[Saved entries]
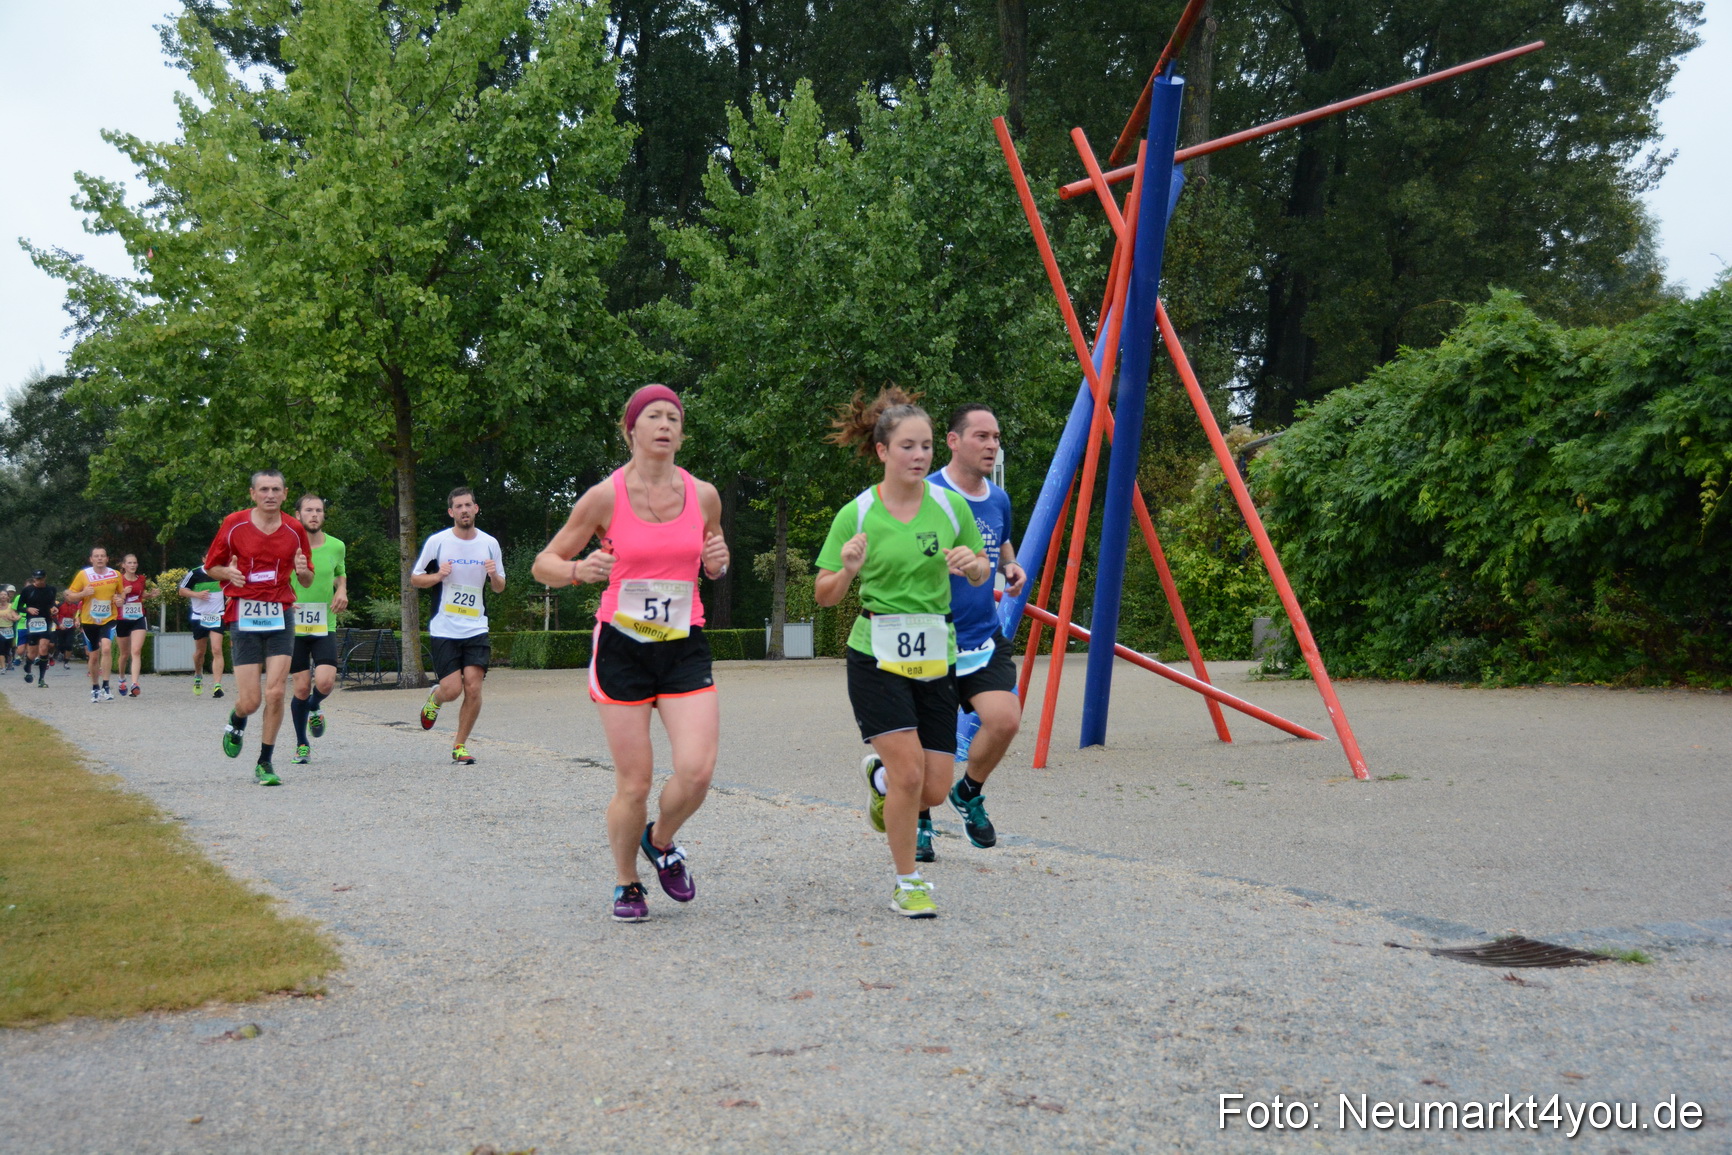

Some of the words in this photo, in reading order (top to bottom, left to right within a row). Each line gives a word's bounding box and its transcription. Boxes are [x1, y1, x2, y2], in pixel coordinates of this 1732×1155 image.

[453, 591, 476, 607] 229
[125, 606, 141, 614] 2324
[244, 601, 280, 617] 2413
[643, 597, 672, 622] 51
[299, 611, 321, 624] 154
[633, 622, 669, 641] Simone
[897, 631, 927, 658] 84

• [AIM OF THE TASK]
What the response needs is every entry, repeated exactly, and none of the pictures.

• [WORKED SOLUTION]
Some of the words in this photo, in reading order (top to bottom, left to right within a row). Each line gives a word's bounding box and its transcription. Boxes are [x1, y1, x2, y2], in pixel coordinates of this 1732×1155 image.

[453, 591, 476, 607] 229
[125, 606, 141, 614] 2324
[244, 601, 280, 617] 2413
[643, 597, 672, 622] 51
[299, 611, 321, 624] 154
[633, 622, 669, 641] Simone
[897, 631, 927, 658] 84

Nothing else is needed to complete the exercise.